How about insecurity and/or simply shyness creating some of those symptoms?
Hi Thianar,
Reading body language is not simple.
This post adds to the discussion: http://leadershipfreak.wordpress.com/2011/09/16/6316/
Best,
Dan
Suspicious Bully,
I work for a bully. Plain and simple. He makes me nervous and he makes me the butt of jokes and mean spirited put-downs. He accuses me of lying and spies on me (he has even driven to my house on a weekend to see what I was up to). If I had other job options I assure you I’d leap at them but, I don’t right now. He has damaged my self esteem and self confidence. I have gained 50 pounds since taking the job. I have trouble looking people in the eye. It’s bad. So, not everyone is a liar. We DO have a liar in the office and frankly, I’d love to expose her. Why? Because she lies to his face and then turns around and tells him things about me that are not true. She is the “favored one” and can do no wrong. I want people to see her for what she is. A liar. Other supervisors (who have the same job he has) have come to me and told me they know he is a bully and that I have friends. Thank God. He has been reported but they do nothing! So, if you see me in a church meeting….or in an office setting. I might not look you in the eye. I may seem nervous or less than honest but I assure you. I am 100% honest. Don’t judge. You don’t know what people have been though. I feel so beaten down by this man I don’t know how much longer I can take it. I don’t know if I’ll ever be the same. My life is miserable….but, I have bills and few options right now. Don’t judge. Trust but verify.
To little info
What is the motivation of Thomas Parmalee?
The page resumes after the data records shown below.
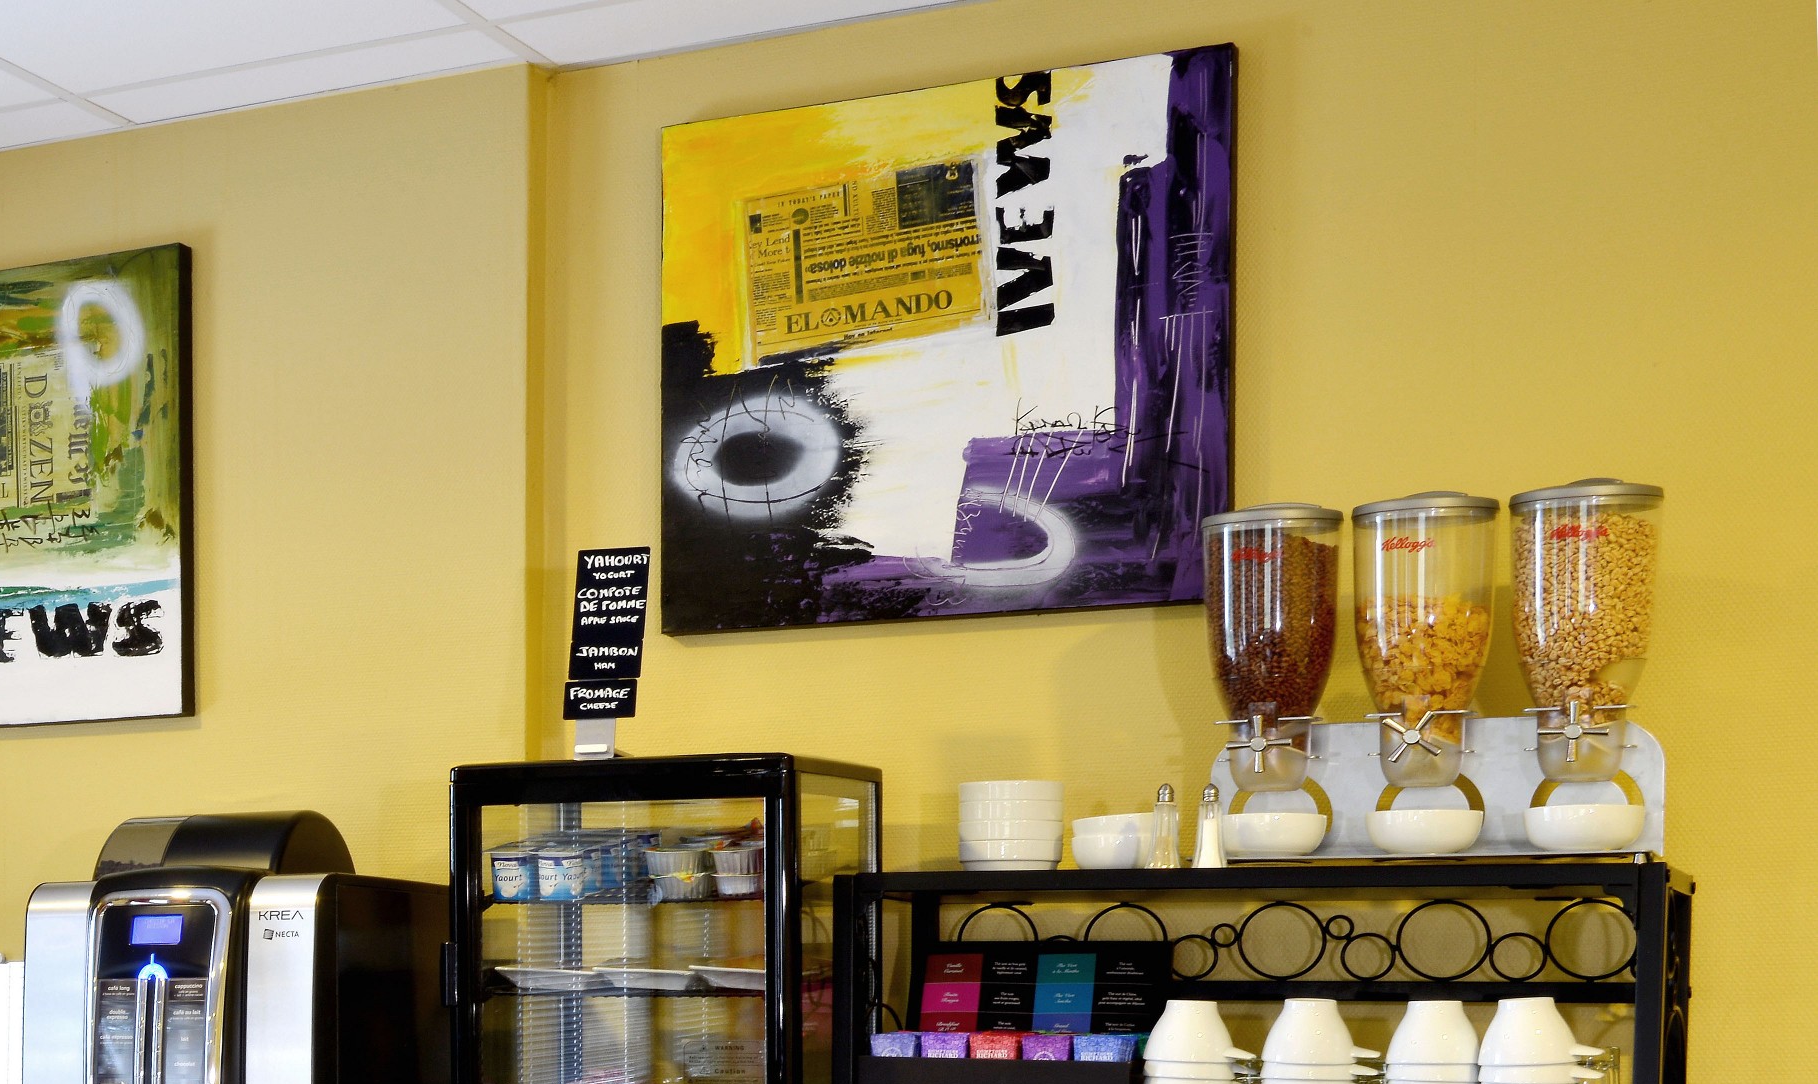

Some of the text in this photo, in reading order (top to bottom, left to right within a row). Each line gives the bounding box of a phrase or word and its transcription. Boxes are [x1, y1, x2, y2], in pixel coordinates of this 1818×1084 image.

[996, 71, 1054, 336] NEWS
[887, 248, 898, 262] di
[900, 242, 925, 259] fuga
[849, 251, 885, 267] notizie
[784, 289, 953, 334] EL MANDO
[593, 570, 635, 580] YOGURT
[577, 586, 642, 599] COMPOTE
[580, 600, 598, 612] DE
[581, 615, 640, 626] APPLE SAUCE
[576, 646, 639, 657] JAMBON
[594, 662, 616, 670] HAM
[570, 687, 631, 700] FROMAGE
[580, 702, 619, 711] CHEESE
[494, 873, 524, 882] Yaourt
[540, 873, 558, 881] ourt
lying becomes a habit when not addressed.
but is “sorry I missed your call, a polite-ism or a lie?”
brutally honest isn’t always the best way to go either.
People like to get rid of you or scapegoat you, when they lie,or get others to gang up on you. truth!!!
Dan, why are you so consistently good? I appreciate what you find for us and how you present it.
One thing I’ve learned is this: If YOU are always accusing others for lying or YOU have zero tolerance for a liar, that’s a crystal clear indication that YOU TOO are a liar. And until you fix YOU first, then YOU can judge anyone else about anything.